━━━ Data extract ━━━
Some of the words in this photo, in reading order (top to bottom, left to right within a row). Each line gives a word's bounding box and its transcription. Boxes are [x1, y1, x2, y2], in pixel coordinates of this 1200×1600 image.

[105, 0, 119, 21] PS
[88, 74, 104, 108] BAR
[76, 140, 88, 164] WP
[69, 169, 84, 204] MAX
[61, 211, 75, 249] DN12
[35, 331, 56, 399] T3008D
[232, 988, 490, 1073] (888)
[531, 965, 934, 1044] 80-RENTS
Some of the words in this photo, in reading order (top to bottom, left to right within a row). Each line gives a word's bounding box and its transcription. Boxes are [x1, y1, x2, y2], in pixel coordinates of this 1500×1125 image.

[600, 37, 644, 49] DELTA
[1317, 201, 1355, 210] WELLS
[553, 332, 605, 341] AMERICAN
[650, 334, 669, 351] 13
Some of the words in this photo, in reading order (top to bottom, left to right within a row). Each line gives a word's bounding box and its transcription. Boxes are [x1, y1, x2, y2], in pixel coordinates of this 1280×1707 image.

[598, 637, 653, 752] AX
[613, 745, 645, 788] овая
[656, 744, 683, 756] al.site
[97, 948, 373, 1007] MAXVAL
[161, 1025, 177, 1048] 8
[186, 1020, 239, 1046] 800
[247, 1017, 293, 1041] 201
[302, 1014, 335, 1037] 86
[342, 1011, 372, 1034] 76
━━━
- _Your assignment_:
Copy every entry exactly.

- _Solution to this exercise_:
Some of the words in this photo, in reading order (top to bottom, left to right within a row). Each line gives a word's bounding box and its transcription. Boxes are [x1, y1, x2, y2], in pixel coordinates of this 1200×1600 image.

[105, 0, 119, 21] PS
[88, 74, 104, 108] BAR
[76, 140, 88, 164] WP
[69, 169, 84, 204] MAX
[61, 211, 75, 249] DN12
[35, 331, 56, 399] T3008D
[232, 988, 490, 1073] (888)
[531, 965, 934, 1044] 80-RENTS
Some of the words in this photo, in reading order (top to bottom, left to right within a row). Each line gives a word's bounding box and its transcription. Boxes are [x1, y1, x2, y2], in pixel coordinates of this 1500×1125 image.

[600, 37, 644, 49] DELTA
[1317, 201, 1355, 210] WELLS
[553, 332, 605, 341] AMERICAN
[650, 334, 669, 351] 13
Some of the words in this photo, in reading order (top to bottom, left to right within a row). Each line gives a word's bounding box and its transcription. Boxes are [x1, y1, x2, y2], in pixel coordinates of this 1280×1707 image.

[598, 637, 653, 752] AX
[613, 745, 645, 788] овая
[656, 744, 683, 756] al.site
[97, 948, 373, 1007] MAXVAL
[161, 1025, 177, 1048] 8
[186, 1020, 239, 1046] 800
[247, 1017, 293, 1041] 201
[302, 1014, 335, 1037] 86
[342, 1011, 372, 1034] 76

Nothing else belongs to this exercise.